In the Ryukyu Islands of Okinawa Prefecture, where the JSDF buildup has largely concentrated, communities are fighting back. When in 2015 the Okinawa Defense Bureau announced that a missile base will come to Miyako Island, residents of the Chiyoda residential district organized daily protests, objecting to the desecration of their ancestral lands and the dangers brought into their lives. Although the base was completed in 2019, the protests haven't stopped. Residents continue to demand the base's closure and an end to the buildup that has made them a target of war.
After the missile base was finished and one thousand JSDF soldiers and their families began arriving on Miyako Island, the JSDF began building another one nearby. The Bora Training Ground includes an indoor and outdoor live-firing range (the indoor range doubles as a bunker in case of a missile attack) and a high-explosives munition depot. All of which is located just 200 meters away from the closest home of the Bora residential district. Residents did not want the threat of war in their backyard and commenced a daily sit-in. Today, six years since construction began, the residents are still outside the gate every day, protesting. They continue to monitor activities on base and look out for the U.S. troops that they are certain have visited their island for training purposes.
The possible presence of U.S. troops concerns Miyako Island residents, not least because of the history of sexual violence associated with the U.S. military presence in Okinawa and elsewhere. Activists in the Philippines, who have long dealt with the issue of military sexual violence by U.S. troops, are now also concerned about similar crimes committed by Japanese troops because of the Reciprocal Access Agreement.
In the Philippines, there are technically no U.S. bases. That's because in the 1980s a coalition of anti-base activists organized a campaign to oust the U.S. military, which succeeded in 1991. This victory remains a testament to what's possible for antimilitarism activists around the globe; and yet, U.S. soldiers have steadily returned over the years. The 1998 Visiting Forces Agreement (VFA) allows U.S. troops to conduct joint-training exercises in the Philippines; the 2014 Enhanced Defense Cooperation Agreement (EDCA) permits the United States to build nine joint-use military facilities, all which are now completed, with more being built as we speak. Ask those who drove out the U.S. military all those decades ago about the current militarization of their country, and they will say that the U.S. military never left.
In a recent trip to Olongapo, Philippines, I met with the women activists of Buklod Women Empowerment, an organization led by survivors of the sex industry that once thrived alongside the massive U.S. naval presence. In the 1980s, Buklod organized women in the bars and opened a drop-in health and counseling center, educating women about the possibility of pursuing alternative forms of livelihood beyond a life catering to American troops. Buklod was part of the coalition that drove out the U.S. military in 1991, and they have continued organizing ever since. Today, much of their work focuses on organizing young women against online sex trafficking and supporting their education and job training.

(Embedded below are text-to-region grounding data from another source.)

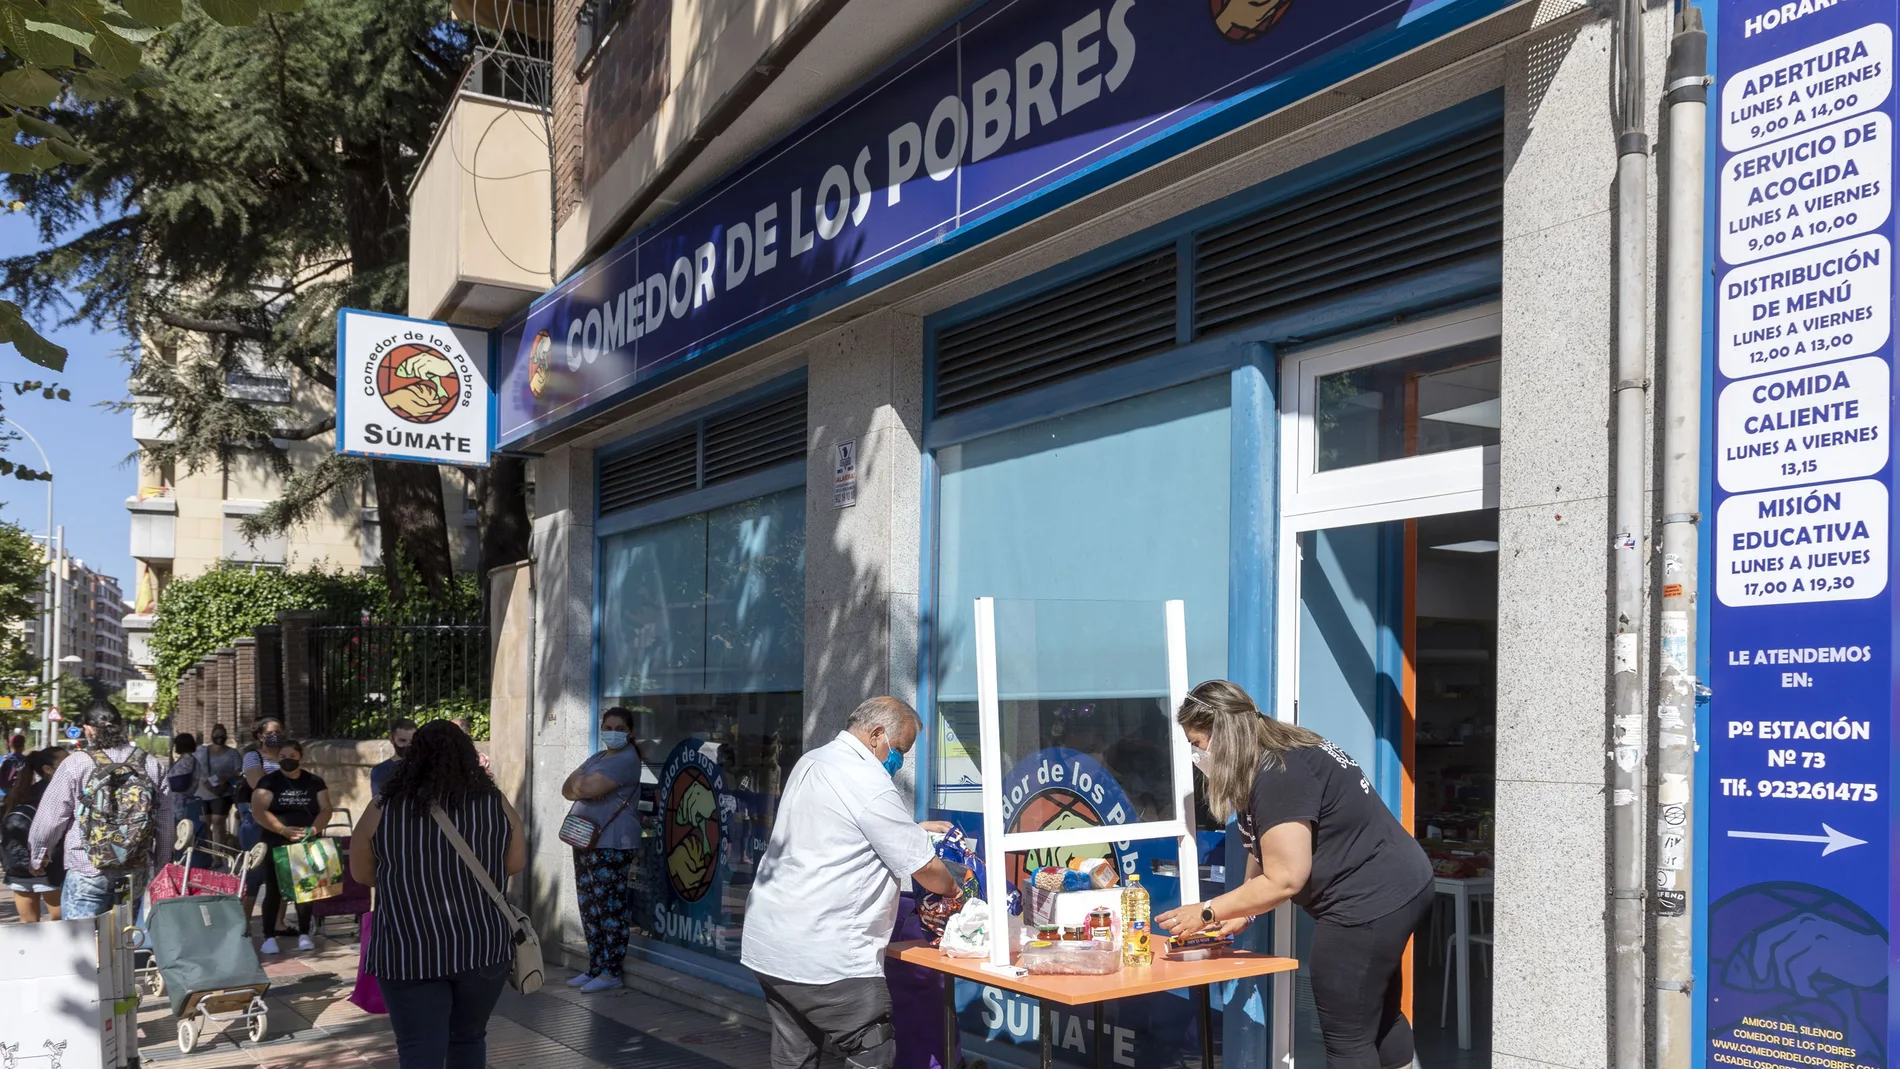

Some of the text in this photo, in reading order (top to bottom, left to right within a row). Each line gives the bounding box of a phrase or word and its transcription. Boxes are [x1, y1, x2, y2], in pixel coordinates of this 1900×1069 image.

[1742, 40, 1869, 100] APERTURA
[1731, 62, 1882, 124] LUNES A VIERNES
[1750, 94, 1858, 138] 9,00 A 14,00
[1733, 121, 1877, 182] SERVICIO DE
[565, 0, 1137, 374] COMEDOR DE LOS POBRES
[1748, 159, 1860, 206] ACOGIDA
[1729, 180, 1881, 234] LUNES A VIERNES
[1748, 212, 1858, 251] 9,00 A 10,00
[1728, 248, 1880, 299] DISTRIBUCIÓN
[1752, 279, 1851, 321] DE MENÚ
[1733, 306, 1873, 347] LUNES A VIERNES
[1749, 333, 1853, 363] 12,00 A 13,00
[364, 335, 398, 397] Comedor
[403, 330, 424, 341] de
[429, 334, 453, 353] los
[454, 354, 473, 408] Pobres
[1752, 370, 1850, 404] COMIDA
[1744, 399, 1859, 434] CALIENTE
[1727, 425, 1879, 461] LUNES A VIERNES
[1781, 459, 1817, 476] 13,15
[1758, 489, 1841, 519] MISIÓN
[1732, 520, 1870, 551] EDUCATIVA
[1731, 549, 1870, 575] LUNES A JUEVES
[1744, 576, 1855, 596] 17,00 A 19,30
[1729, 645, 1871, 666] LE ATENDEMOS
[1781, 672, 1813, 688] EN:
[1758, 716, 1870, 740] ESTACIÓN
[1801, 752, 1826, 768] 73
[1037, 759, 1064, 785] de
[1072, 761, 1105, 804] los
[1757, 780, 1878, 802] 923261475
[655, 757, 680, 854] Comedor
[682, 745, 695, 763] de
[698, 749, 714, 775] los
[1733, 1029, 1856, 1058] COMEDOR DE LOS POBRES
[1742, 1016, 1843, 1041] AMIGOS DEL SILENCIO

The Buklod activists took me to Subic Bay, near where Subic Naval Base once stood, and there we watched a new naval shipyard being built. The Agila Subic Shipyard will open this September, though it is already partly operational. Agila Subic is owned by Cerberus Capital Management, a U.S.-based investment firm whose co-founder and CEO Stephen Feinberg was appointed by Donald Trump as the Deputy Secretary of Defense back in March, a reward for his role in supposedly preventing a “Chinese takeover” of the strategic shipyard when his company acquired it in 2022. Cerberus currently leases half of the shipyard to the Philippine Navy, as the site of the new Philippine Navy headquarters; roughly one-third to Hyundai Heavy Industries, one of the largest shipbuilders in the world; and the rest to other tenants, including Vectrus, or V2X, a U.S. defense logistics contractor. President Ferdinand Marcos Jr. has praised the multi-use facility for promising to bring warmaking and associated jobs back to the region, while the U.S. Navy is eyeing its “return” to Subic Bay for ship repairs, joint exercises, and R&R.

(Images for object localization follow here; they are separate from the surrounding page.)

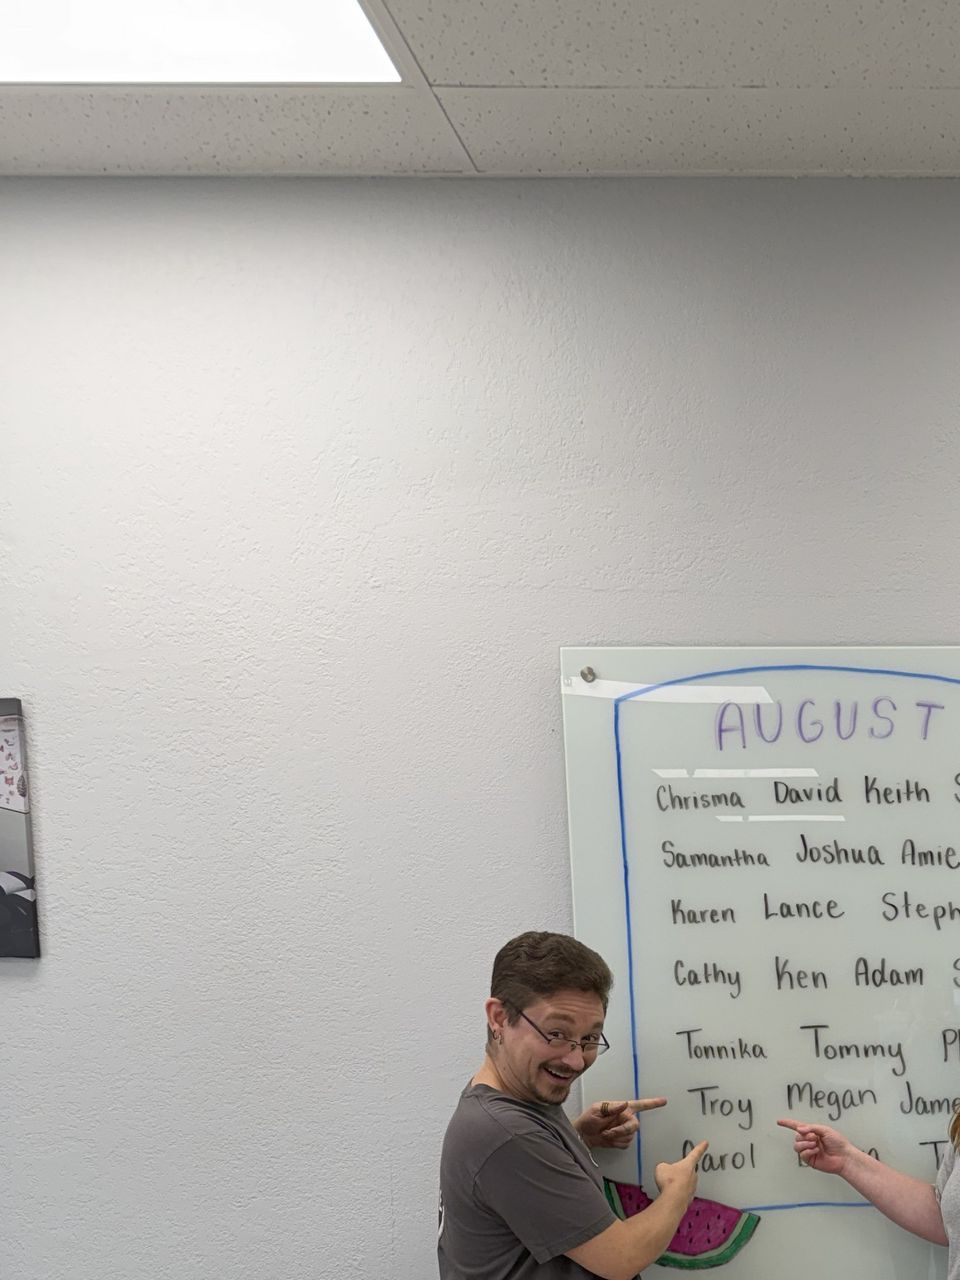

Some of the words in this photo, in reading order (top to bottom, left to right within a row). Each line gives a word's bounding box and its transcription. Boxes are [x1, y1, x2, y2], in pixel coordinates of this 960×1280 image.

[714, 696, 945, 751] AUGUST
[656, 785, 745, 812] Chrisma
[774, 778, 842, 804] David
[864, 775, 930, 804] Keith
[662, 841, 770, 868] Samantha
[796, 834, 885, 865] Joshua
[901, 839, 960, 869] Amie
[671, 899, 735, 924] Karen
[764, 893, 845, 920] Lance
[674, 960, 741, 999] Cathy
[775, 956, 827, 990] Ken
[855, 957, 923, 988] Adam
[676, 1029, 767, 1059] Tonnika
[800, 1025, 906, 1076] Tommy
[687, 1086, 752, 1130] Troy
[787, 1082, 876, 1121] Megan
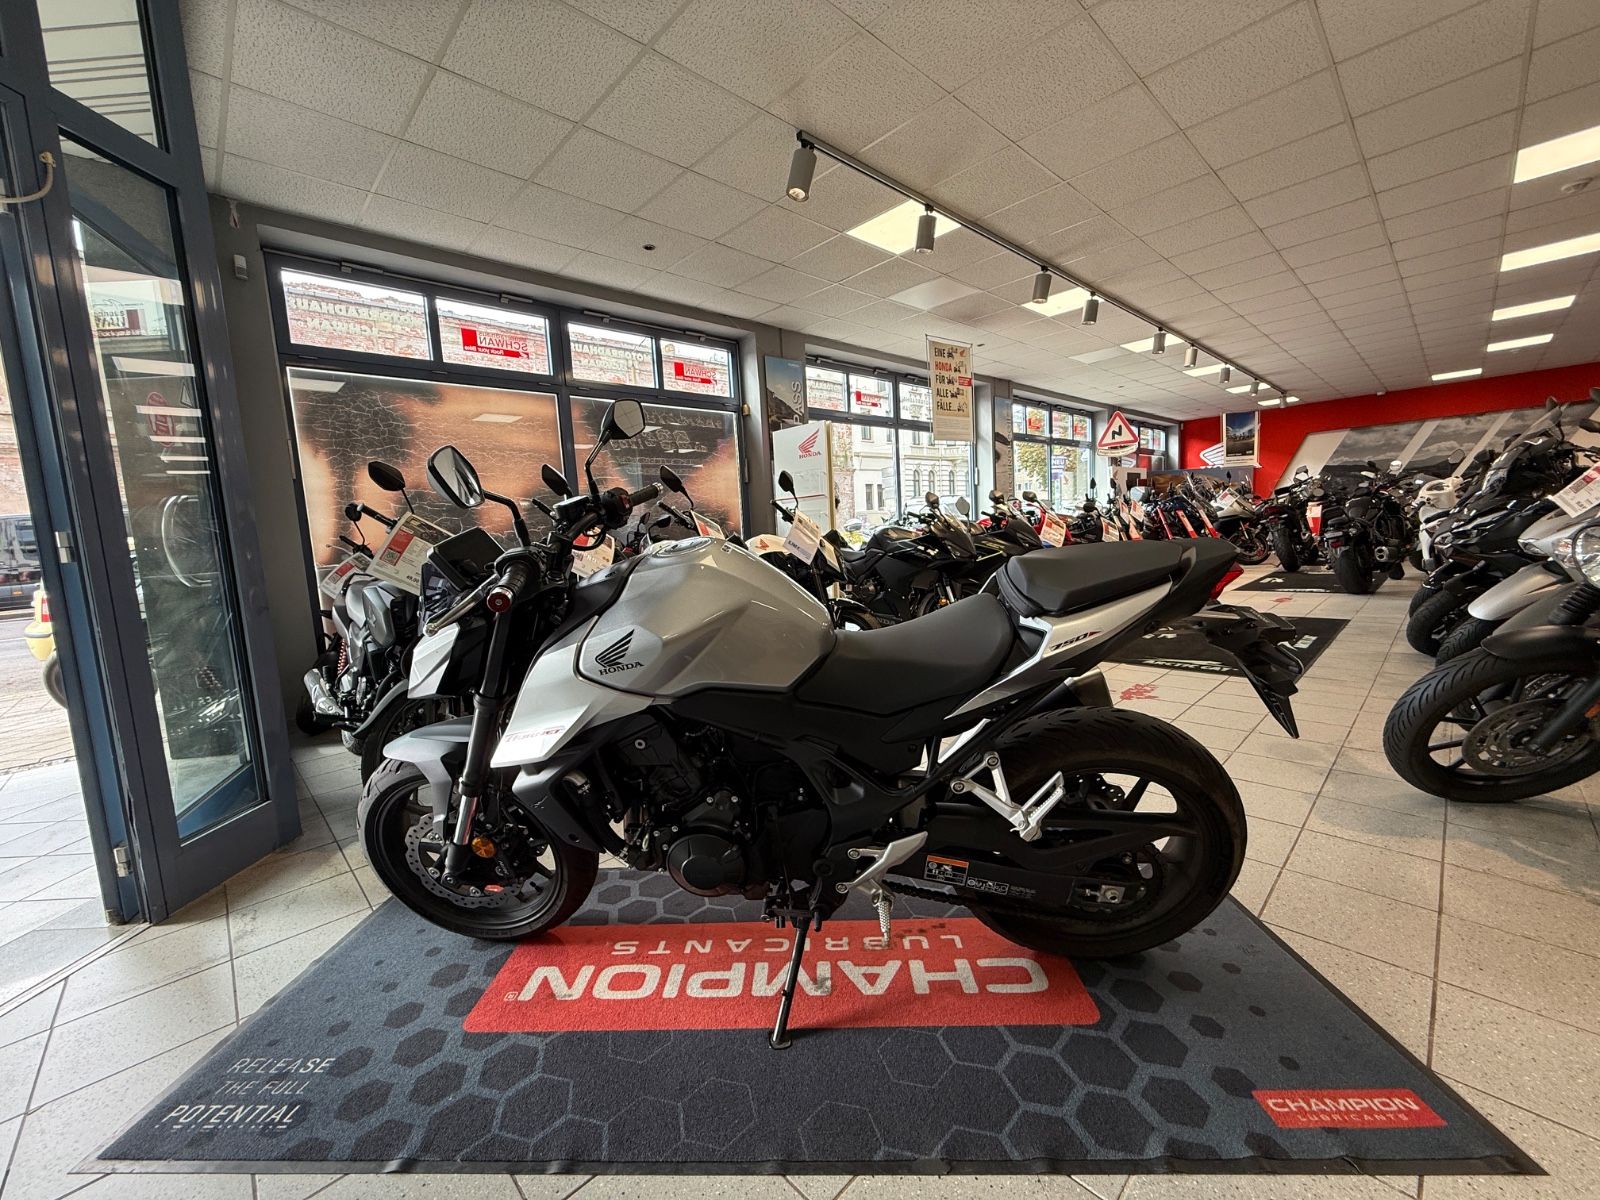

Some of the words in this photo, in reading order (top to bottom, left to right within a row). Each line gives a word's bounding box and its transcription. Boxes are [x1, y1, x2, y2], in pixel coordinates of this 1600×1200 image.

[934, 347, 946, 358] EINE
[934, 361, 952, 372] HONDA
[935, 372, 945, 384] FÜR
[936, 387, 948, 398] ALLE
[791, 381, 804, 425] PASS
[798, 451, 822, 459] HONDA
[1050, 631, 1089, 650] 750
[598, 661, 645, 676] HONDA
[611, 935, 963, 955] LUBRICANTS
[517, 958, 1050, 1002] CHAMPION
[226, 1057, 336, 1074] RELEASE
[215, 1080, 259, 1095] THE
[257, 1080, 311, 1095] FULL
[1266, 1097, 1420, 1112] CHAMPION
[161, 1104, 301, 1123] POTENTIAL
[1296, 1113, 1409, 1122] LUBRICANTS

The women of Buklod are devastated to learn of the navy's return and the sex industry they know will come with it, and they're prepared to fight it at all costs. The struggle, they know, is long. They are tired. But they've also collectively nurtured a kind of strength that I will never fully understand, though I was privileged to witness it. I suspect it's something akin to what Miyako Islanders conveyed to me when I visited last year. Outside the Bora Training Ground, I had asked the protesters with the help of my translator friend what Bora, the residential community, means to them, and one person said: “We feel a sense of safety in the relationships we've built here. Our ancestors lived here for 300 years and we want to pass on this peaceful community to the next generation. This is our home. The base here represents a different idea of safety that is harmful to our community.”

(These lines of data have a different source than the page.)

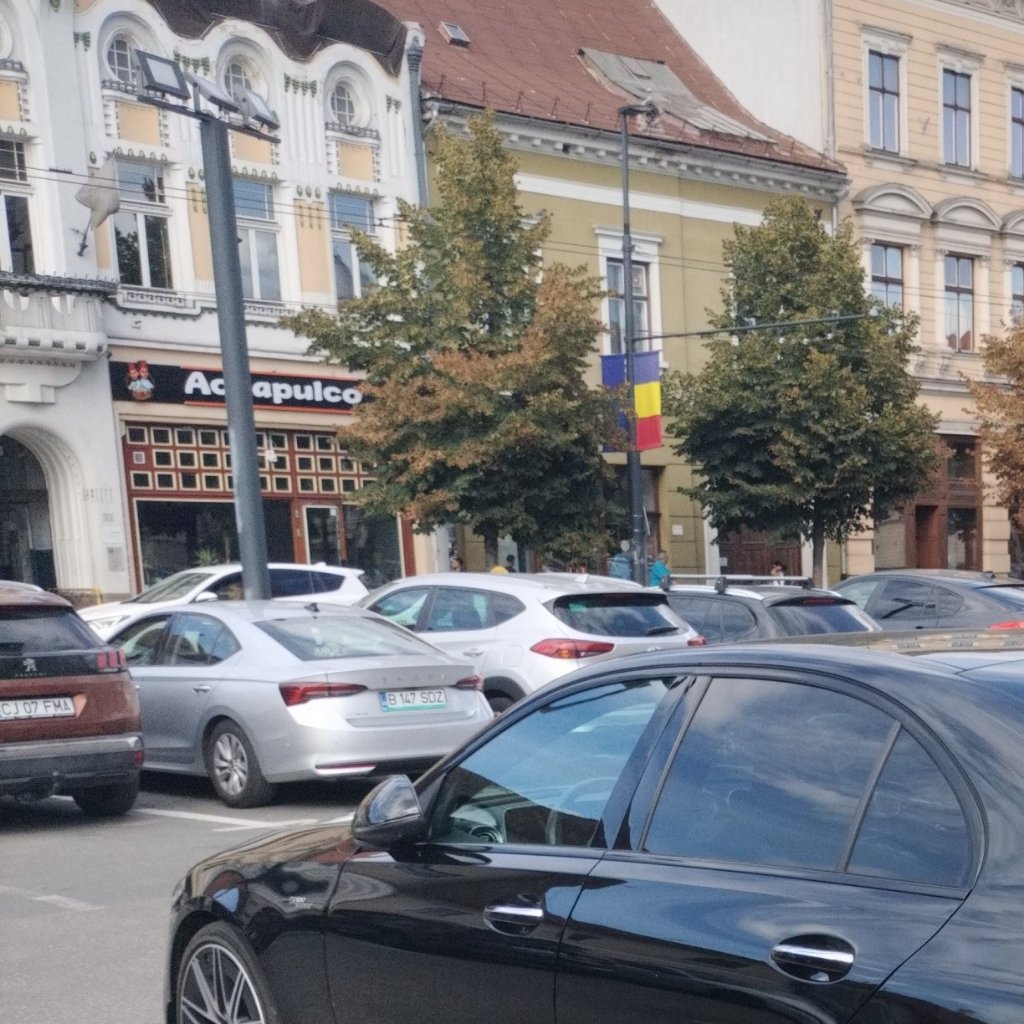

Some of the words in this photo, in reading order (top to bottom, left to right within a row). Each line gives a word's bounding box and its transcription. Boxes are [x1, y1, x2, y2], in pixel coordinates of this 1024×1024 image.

[388, 694, 397, 706] B
[400, 692, 416, 705] 147
[420, 691, 444, 704] SDZ
[1, 702, 19, 716] CJ
[23, 701, 38, 714] 07
[43, 700, 72, 713] FMA

The notion that there are other means of “security” not premised on militarization will never be fathomed by the warmongers who see these places only as small sites from which to wage endless war. And so it is that the islands of the Philippines, the Ryukyu archipelago, and elsewhere in the Pacific undergoing hyper-militarization today are the very places we should pay attention to in our ongoing collective struggles to dismantle U.S. militarism and empire.
Information sources:
- “Japan Self-Defense Forces Enhancing Salaries, Housing to Boost Recruitment,” Indo-Pacific Defense Forum, February 5, 2025, https://ipdefenseforum.com.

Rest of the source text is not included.